◆ About this task
Repeat the listing below word for word, minus the pictures.

*** Supplied data

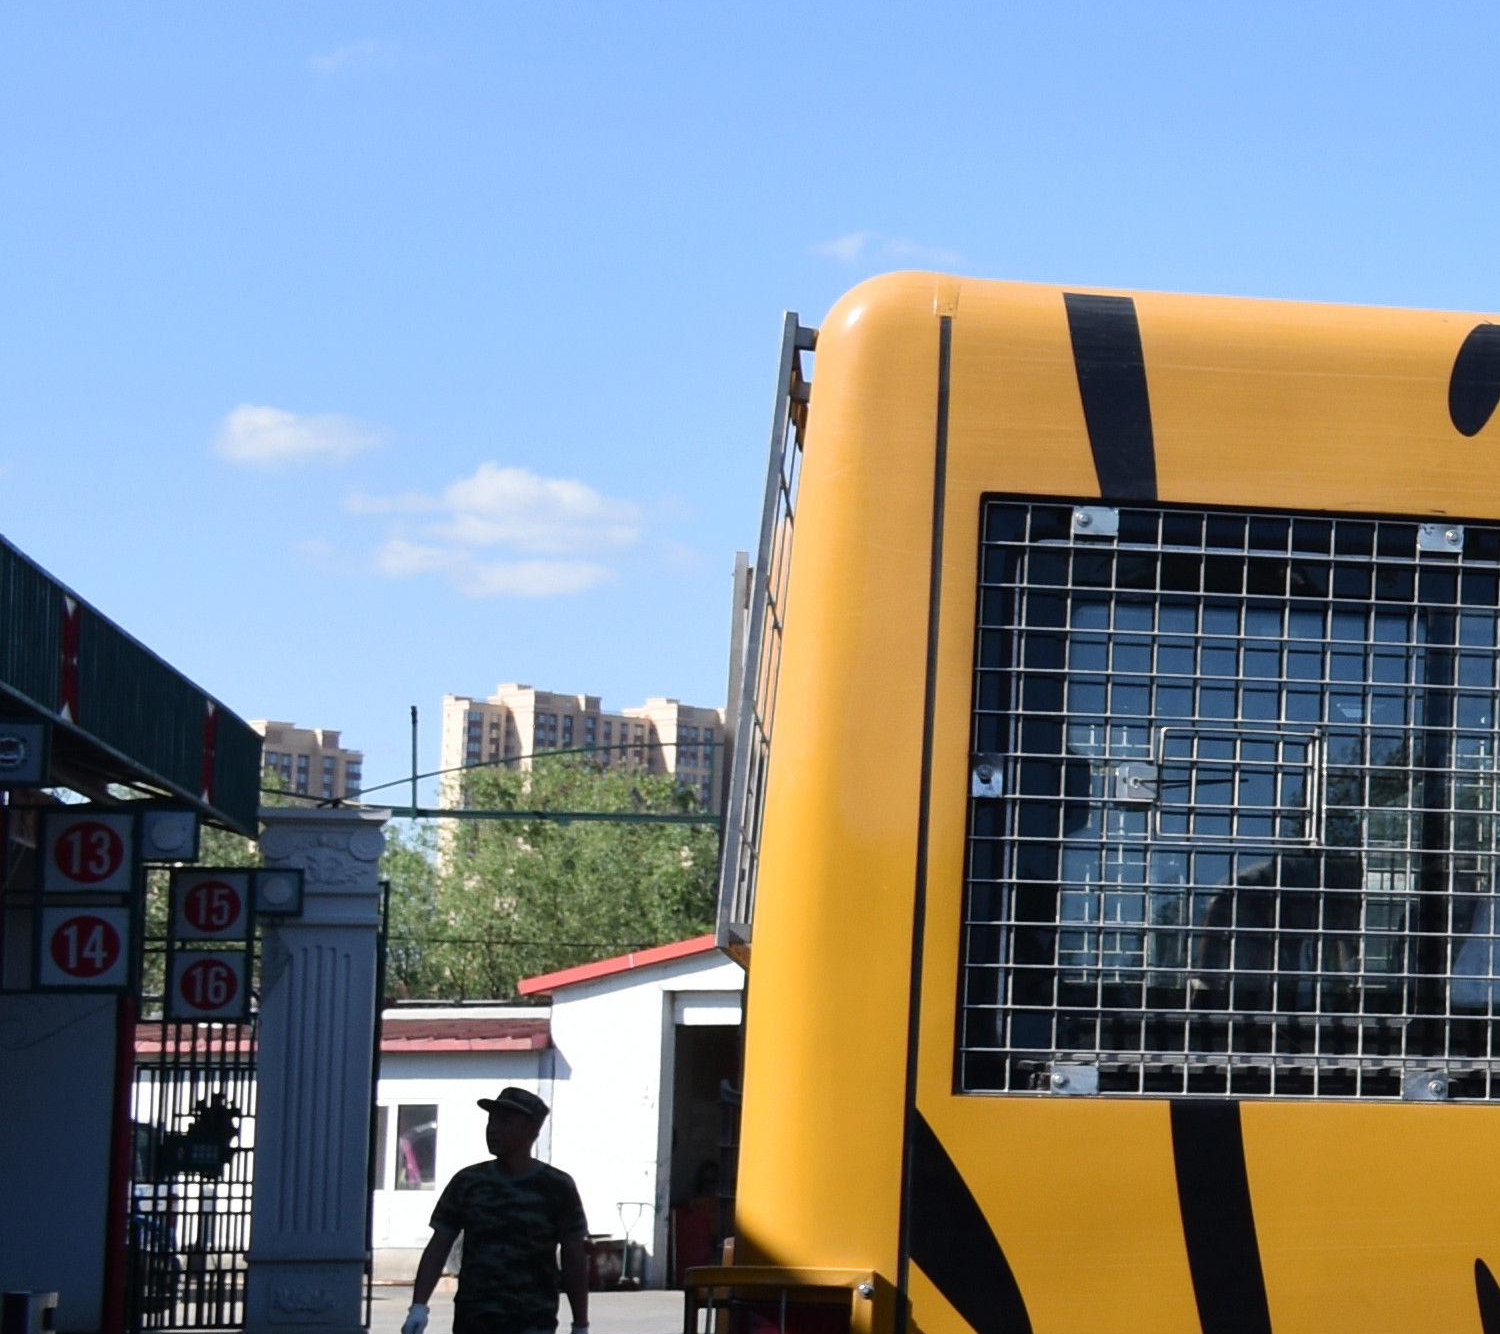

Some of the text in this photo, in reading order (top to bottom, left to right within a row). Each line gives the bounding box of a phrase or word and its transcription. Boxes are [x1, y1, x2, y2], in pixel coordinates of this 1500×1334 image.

[67, 828, 111, 876] 13
[195, 888, 230, 926] 15
[63, 924, 108, 969] 14
[192, 966, 228, 1003] 16

******

◆ Solution for this exercise
Some of the text in this photo, in reading order (top to bottom, left to right within a row). Each line gives the bounding box of a phrase or word and its transcription. Boxes are [x1, y1, x2, y2], in pixel coordinates of this 1500×1334 image.

[67, 828, 111, 876] 13
[195, 888, 230, 926] 15
[63, 924, 108, 969] 14
[192, 966, 228, 1003] 16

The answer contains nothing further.